"Tom Palmer is a most superior young man. I have not perceived that he has any thing of the fool about him, and I don't think many others have. Whenever he marries, he will make an excellent husband. Why should you wish to set me against him? Let me urge you not to interfere with Lucy's affairs, Travice; she is under my protection now."
Oh, if Mildred could but have read Travice Arkell's heart that night!—if she had but read Lucy's! How different things might have been! Travice moved to shake hands with her.
"I must wish you good evening," he said. "I hope you and Lucy will have a pleasant journey to-morrow. We shall see you both again some time, I suppose."
He went out with the cold words upon his lips. He went out with the conviction, that Lucy was to marry Tom Palmer, irrevocably seated on his heart. And Travice Arkell thought the world was a miserable world, no longer worth living in.
CHAPTER XIII.
THE TABLES TURNED.
Mildred had to go back for a time to Lady Dewsbury's. That lady's house and effects now lapsed to Sir Edward; but Sir Edward was abroad with his wife and children, and he begged Miss Arkell to remain in it, its mistress, until they could return. This was convenient for Mildred's plans. It afforded a change of scene for Lucy; and it gave the opportunity and time for the house in Westerbury to be renovated; in which she intended now to take up her abode. The house was Mildred's now: it came to her on the death of her brother, their father having so settled it; but for this settlement, poor Peter had disposed of it in his necessities long ago.

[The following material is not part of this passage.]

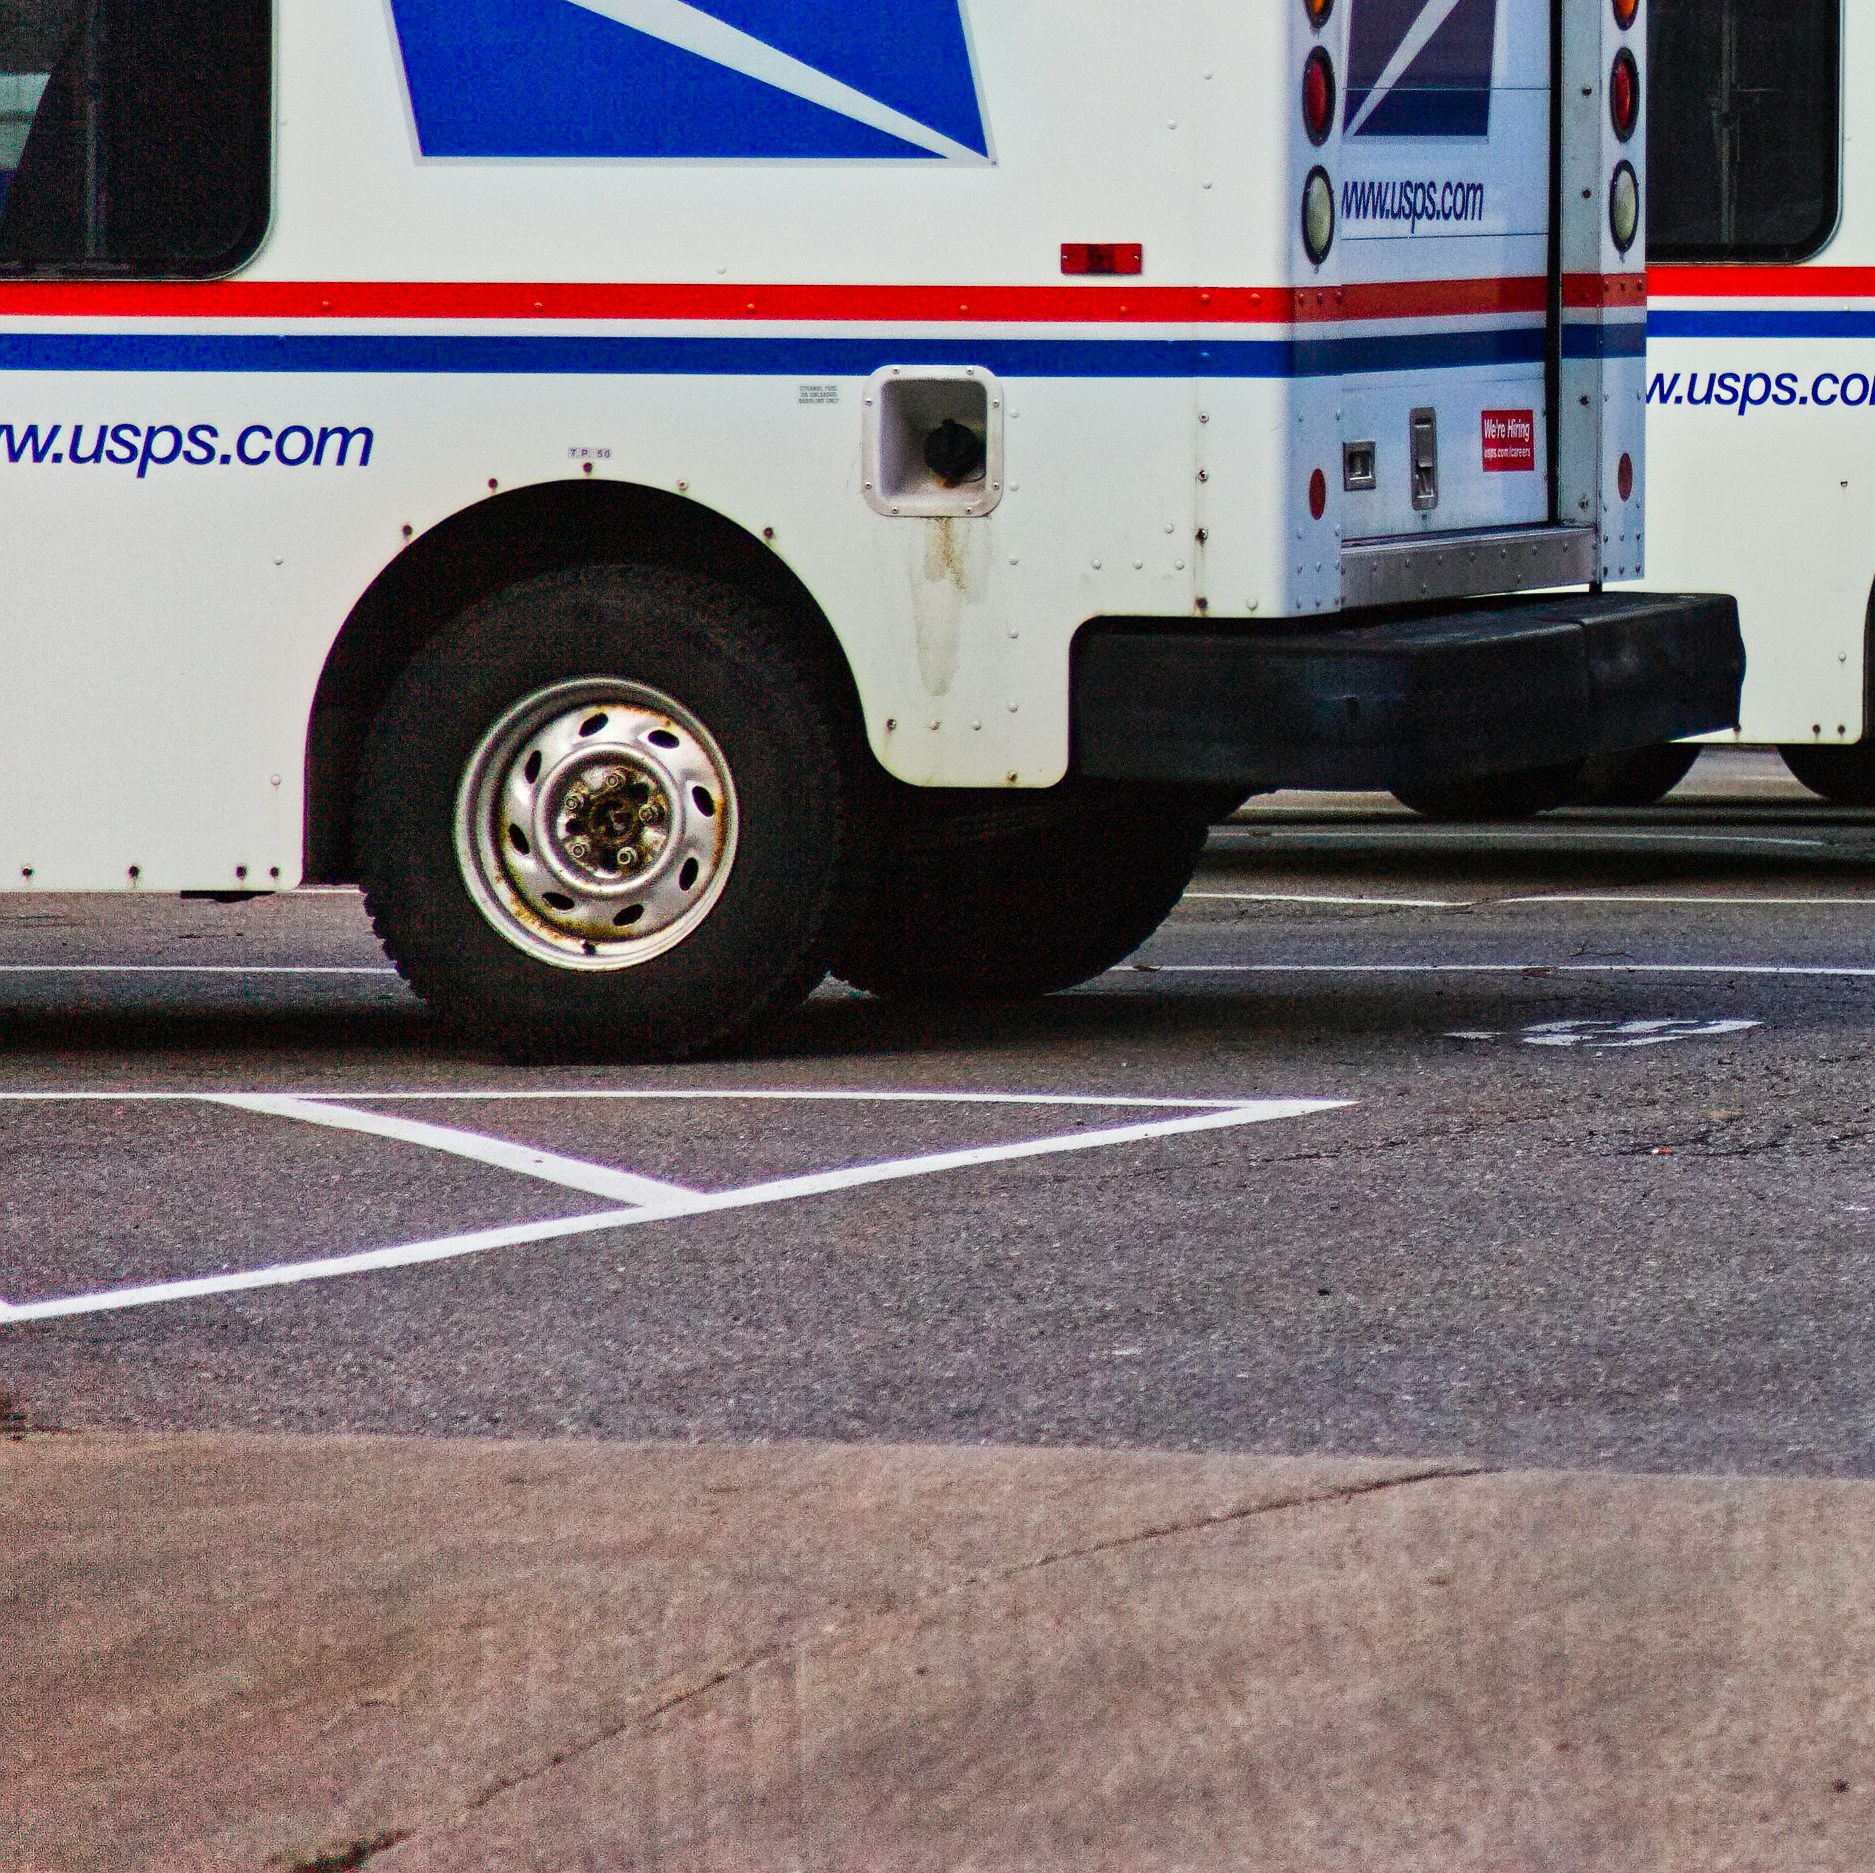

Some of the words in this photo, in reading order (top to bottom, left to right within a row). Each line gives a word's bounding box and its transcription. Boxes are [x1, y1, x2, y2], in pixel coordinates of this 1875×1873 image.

Charlotte Arkell married, and departed with her husband, Captain Anderson, for India, taking Sophy with her. The paying over her marriage portion of a thousand pounds—a very poor portion beside what she once might have expected—further crippled the resources of Mr. Arkell; and things seemed to be coming to a crisis.
And Travice? Travice succumbed. Hardly caring what became of him, he allowed himself to be baited—badgered—by his mother into offering himself to one of the "great brazen milkmaids." From the hour of Lucy's departure from the city, she let him have no peace, no rest.